Altman's Cody is a loud-mouthed buffoon, a man who claims to be one with the Wild West but lives in luxury, play-acting daily in a western circus of his own making. Cody's long hair is a wig, he can't shoot straight anymore or track an Indian, and all his staged battles with ruffians and savages are rigged in his favor. However, this does not keep him from acting as if his triumphs are real, or plaguing his patient entourage of yes-men with endless monologues about himself.

== Production ==
Most of the film was shot on location in Alberta, Canada, mostly on the Stoney Indian Reserve. Frank "Sitting Wind" Kaquitts, who played Sitting Bull, had been elected the first ever chief of Alberta's Nakoda (Stoney) First Nation, after three bands had amalgamated the year before.

The film was co written by Alan Rudolph. Robert Altman persuaded United Artists to back Rudolph's debut feature Welcome to LA along with this one.

== Release ==
A preview showing in New York in May 1976 received a mixed reaction from the press. Following this, Altman recut the film slightly by removing a few of the Wild West show acts.

==Reception==

=== Critical response ===
Charles Champlin of the Los Angeles Times wrote that "[Altman's] films are sometimes pretentious and sometimes exasperating, but they are not often boring, although his latest, 'Buffalo Bill and the Indians, or Sitting Bull's History Lesson' is all three." He went on, "using Newman as neither villainous, heroic nor romantic but only as a fairly uninteresting lout seems a dire waste, and there is an air of low-energy distraction throughout 'Buffalo Bill.' For the last 20 minutes it is as if nobody knew how to get off that dusty reservation but would have been glad to." Arthur D. Murphy of Variety wrote that the film "emerges as a puerile satire on the legends of the Buffalo Bill era, silly when it's not cynical, distasteful throughout its 123 minutes. Paul Newman has rarely been seen so badly." Gary Arnold of The Washington Post stated, "Everyone who cares about Altman's work should find 'Buffalo Bill' an interesting and intriguing experience, but in the last analysis it's an emotionally empty, alienating movie, an ill-advised attempt to project a cynical, apprehensive view of the present onto the past." Jonathan Rosenbaum of The Monthly Film Bulletin wrote that "Altman appears to know a lot more about show business than about the American Indian, and what he knows about the former mainly consists of behavioral observation; by scaling this observation down exclusively to what illustrates his thesis—the hollow fakery of Buffalo Bill and his followers—he thus allows himself precious little to work with, thematically or otherwise.

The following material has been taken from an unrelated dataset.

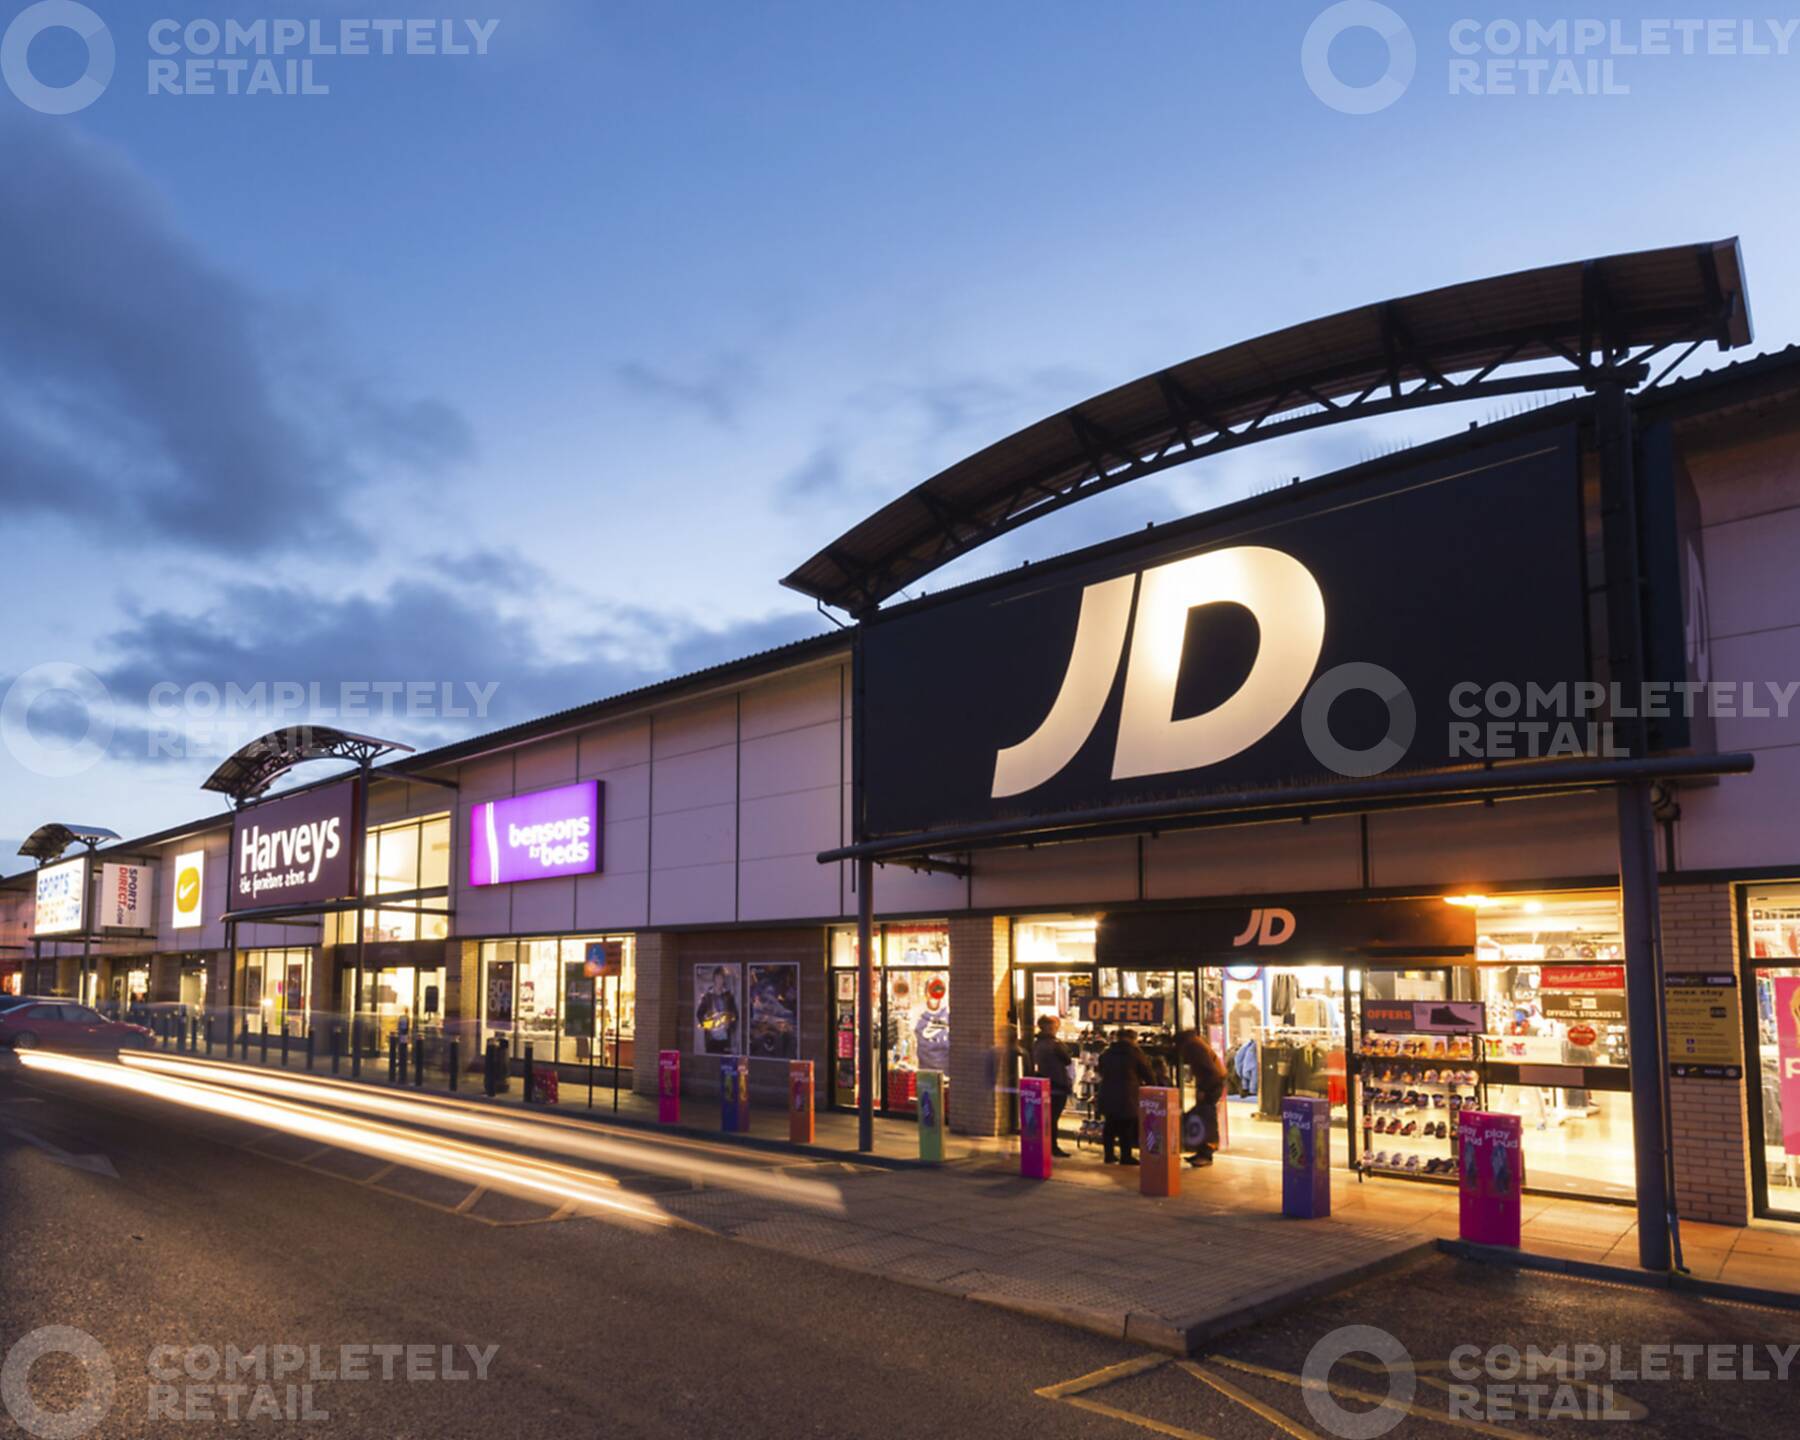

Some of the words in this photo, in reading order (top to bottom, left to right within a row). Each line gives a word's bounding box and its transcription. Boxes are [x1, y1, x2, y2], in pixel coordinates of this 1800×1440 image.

Within five minutes, everything he has to say on the subject is apparent."

Among positive reviews, Vincent Canby of The New York Times wrote, "It's a sometimes self-indulgent, confused, ambitious movie that is often very funny and always fascinating." Gene Siskel of the Chicago Tribune gave the film a full four out of four stars, writing that while the film's ideas weren't anything special, "Altman's movies are innovative. They surprise us with their physical beauty, their wit, and their style. 'Buffalo Bills few pompous moments are overwhelmed by the fluid energy of the piece." Penelope Gilliatt of The New Yorker identified the film as being "about sorts of dreams ... perhaps it is true that white men tend to dream only of things going well, whereas Indians, like many aboriginal people, dream of death, initiation, possibility; the rock face on which waking life has no purchase."

On review aggregator Rotten Tomatoes, the film has an approval rating of 65% based on 20 reviews, with an average rating of 6.50/10.

===Awards and nominations===
In 1976, the film was entered into the 26th Berlin International Film Festival, where it won the Golden Bear.